Lecture by Shai Secunda (Hebrew University, Jerusalem). Part of the Zoroastrianism Studies Lecture Series. Sponsored by the Department of Religious Studies and co-sponsored by the Taube Center for Jewish Studies and Stanford Humanities Center. Free and open to the public.
At first glance, considering Judaism and Zoroastrianism seems a lot like comparing apples and oranges. One religion grew out of the Semitic tradition while the other has ancient Indo-European roots. Judaism presents itself to the world as the first monotheism and stresses that the origin of all things – including evil – is from the divine, while Zoroastrianism sharply divides the cosmos between good and evil and worships a deity who is unsullied by the dark side. And yet ever since Western scholars encountered Zoroastrianism, they have been utterly captivated by this unlikely pair, and have demonstrated how these two ancient religions share both an ancient past as well as a arduous journey through Diaspora and decline towards triumph and unlikely survival.

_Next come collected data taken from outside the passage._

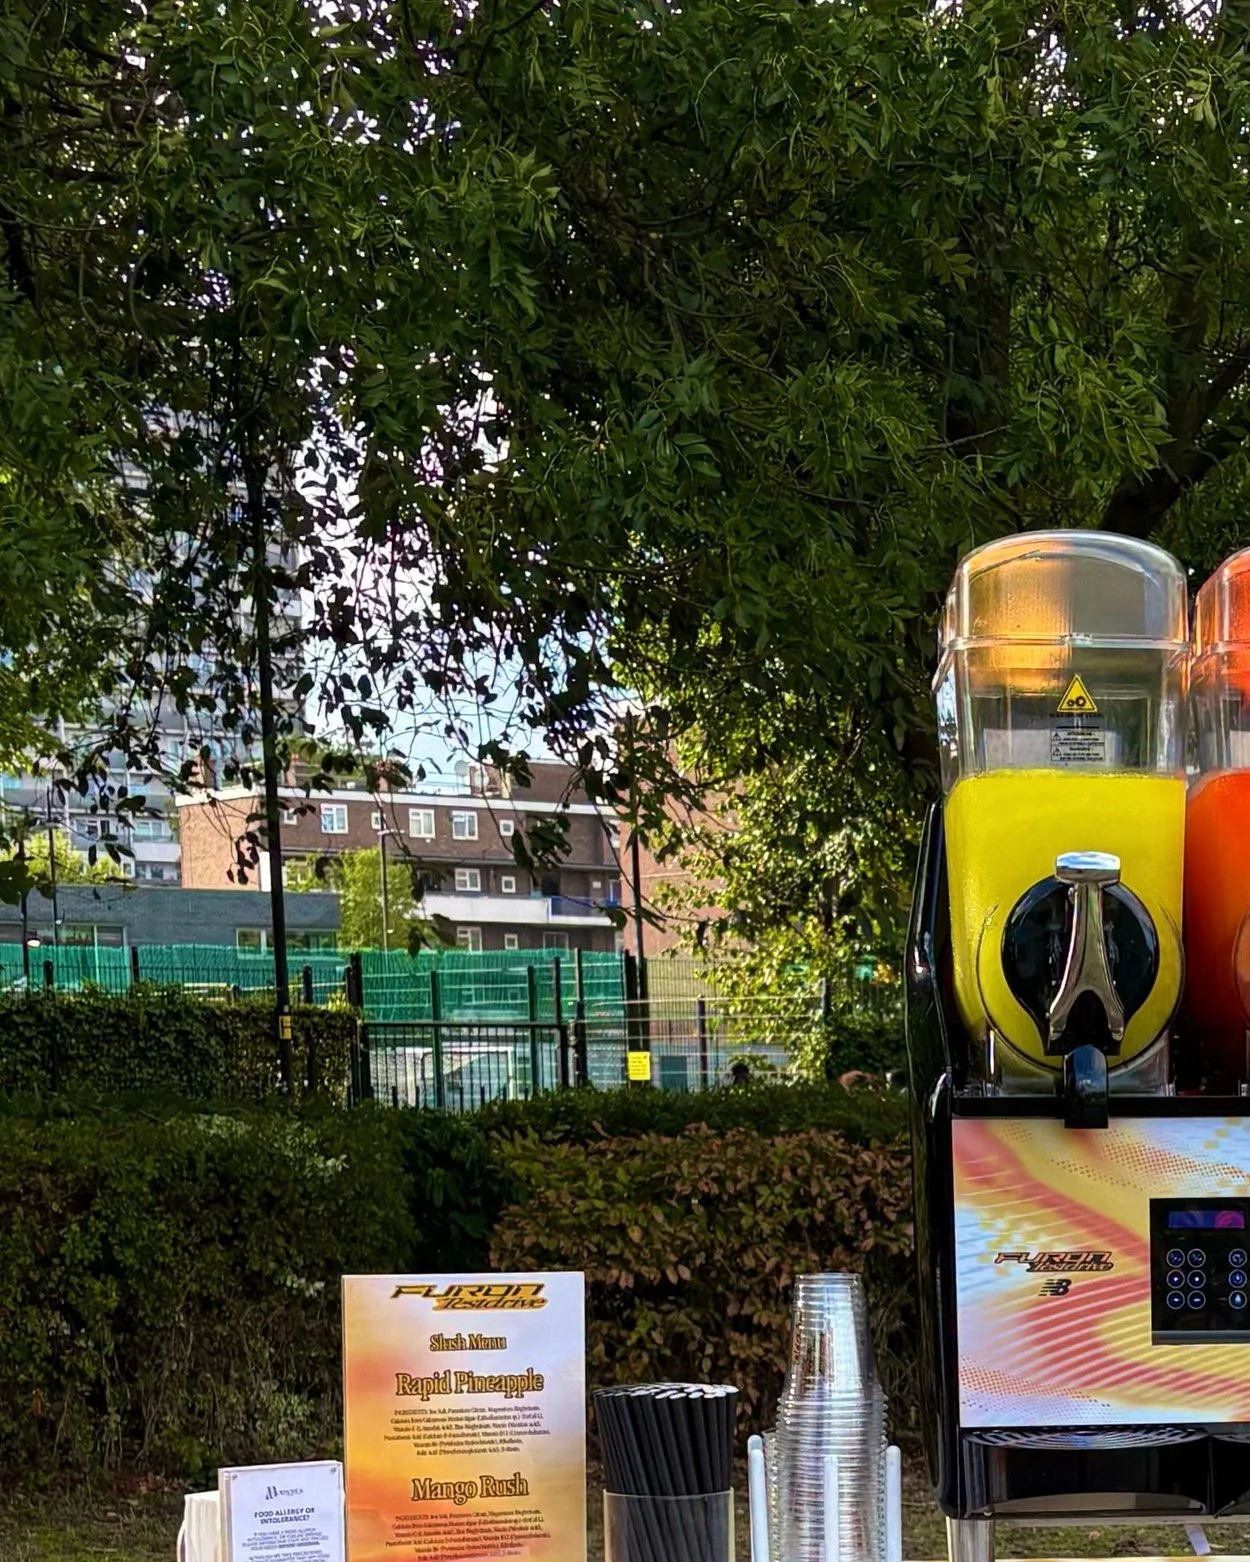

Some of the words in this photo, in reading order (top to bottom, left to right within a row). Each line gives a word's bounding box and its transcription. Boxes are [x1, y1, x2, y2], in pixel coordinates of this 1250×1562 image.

[994, 1251, 1112, 1264] FURON
[390, 1284, 545, 1299] FURON
[430, 1332, 467, 1351] Slush
[467, 1333, 508, 1350] Menu
[396, 1368, 452, 1401] Rapid
[454, 1367, 545, 1399] Pineapple
[411, 1477, 478, 1505] Mango
[479, 1471, 530, 1498] Rush
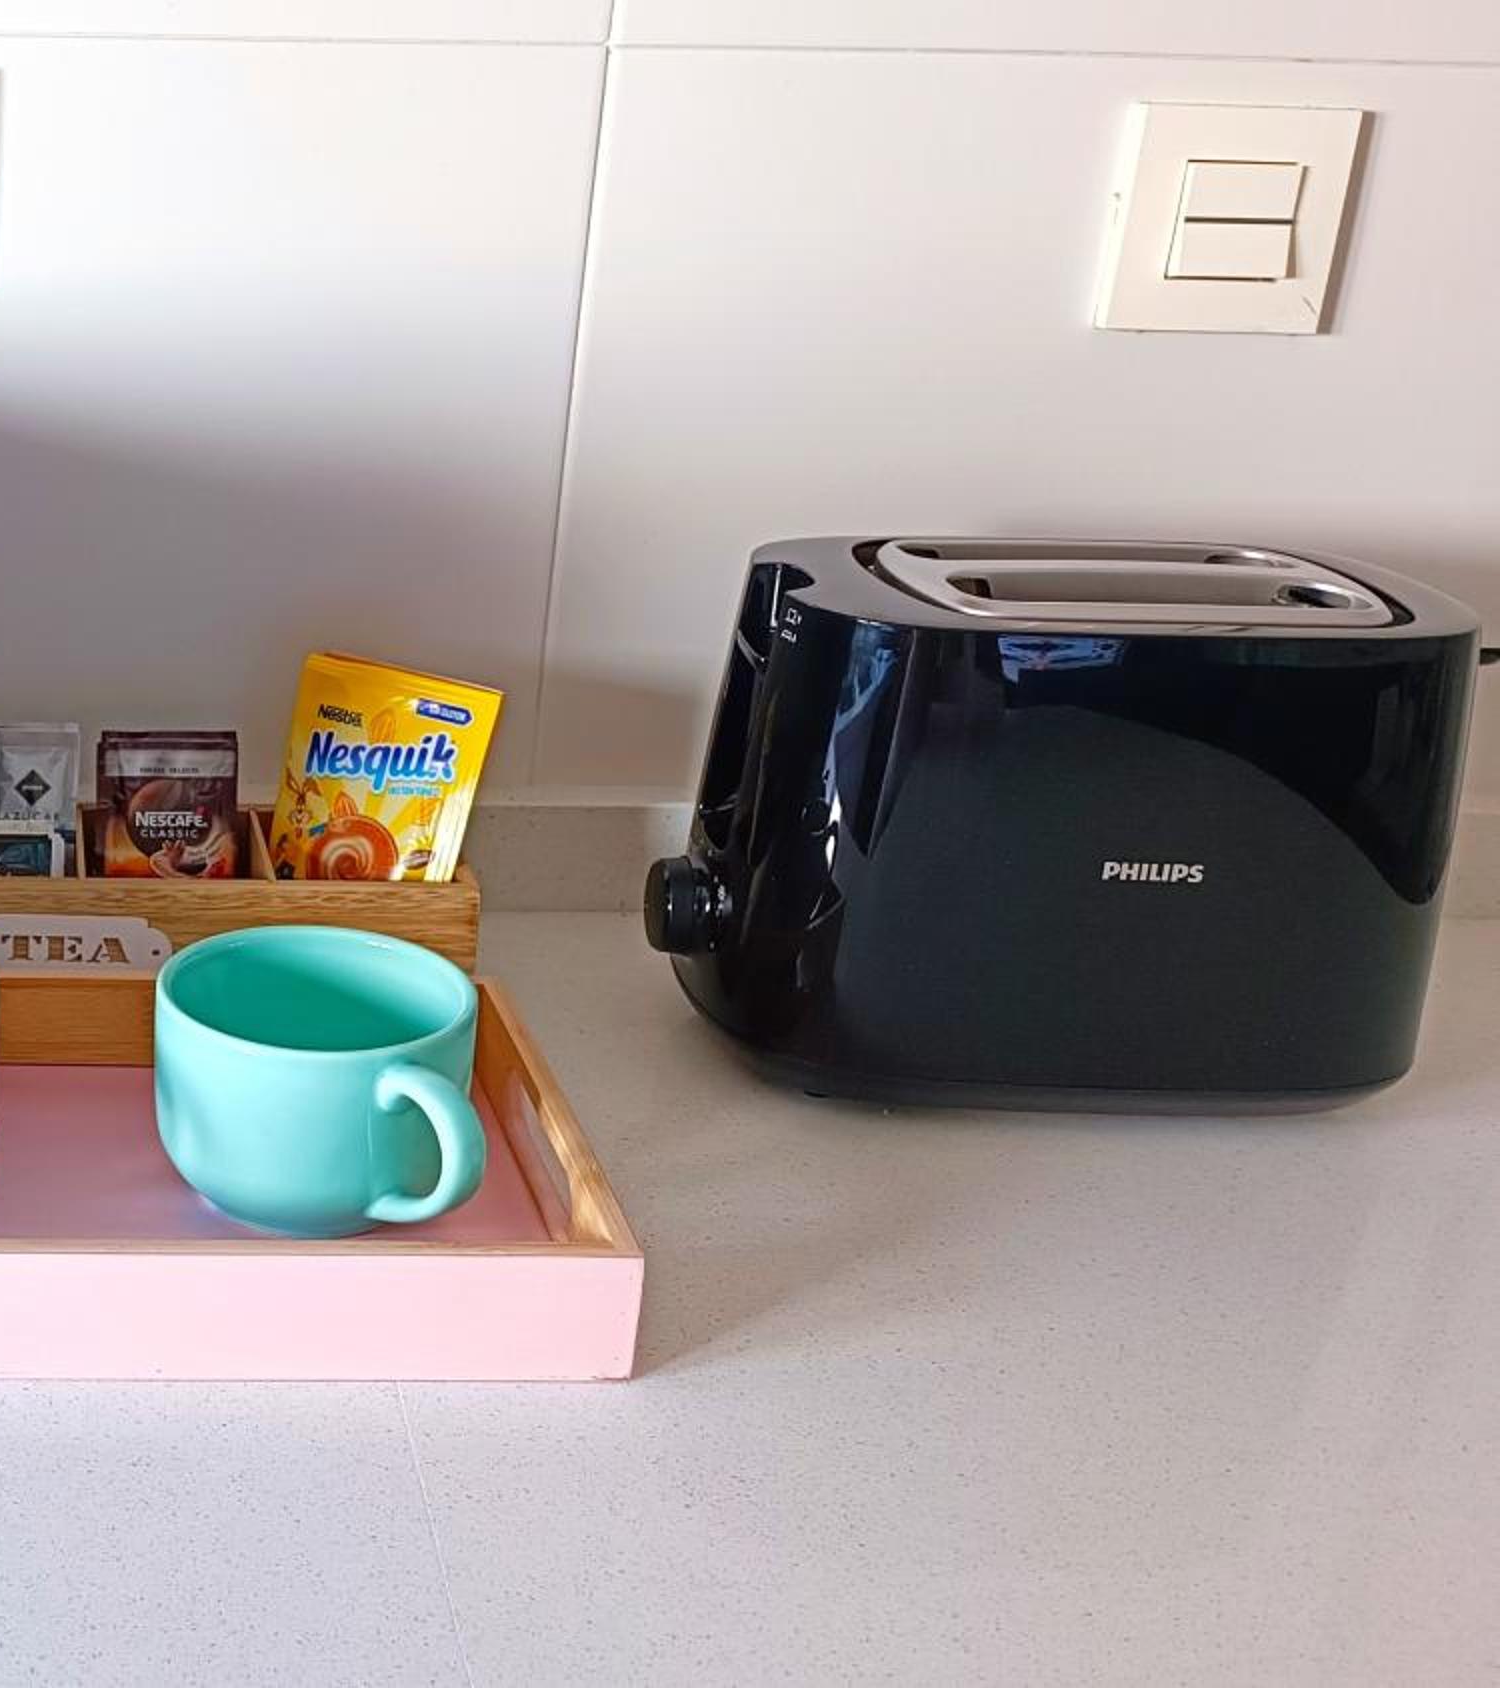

Dr. Shai Secunda is a Lecturer in Comparative Religion at the Hebrew University of Jerusalem, where he serves as a Martin Buber Society Fellow and researches classical Judaism and Jewish texts and classical Zoroastrianism and Zoroastrian texts. His recent book, The Iranian Talmud: Reading the Bavli in its Sasanian Context was published in 2014 by University of Pennsylvania Press. He is a founding editor of The Talmud Blog, a forum for discussing the many different lives of rabbinic texts.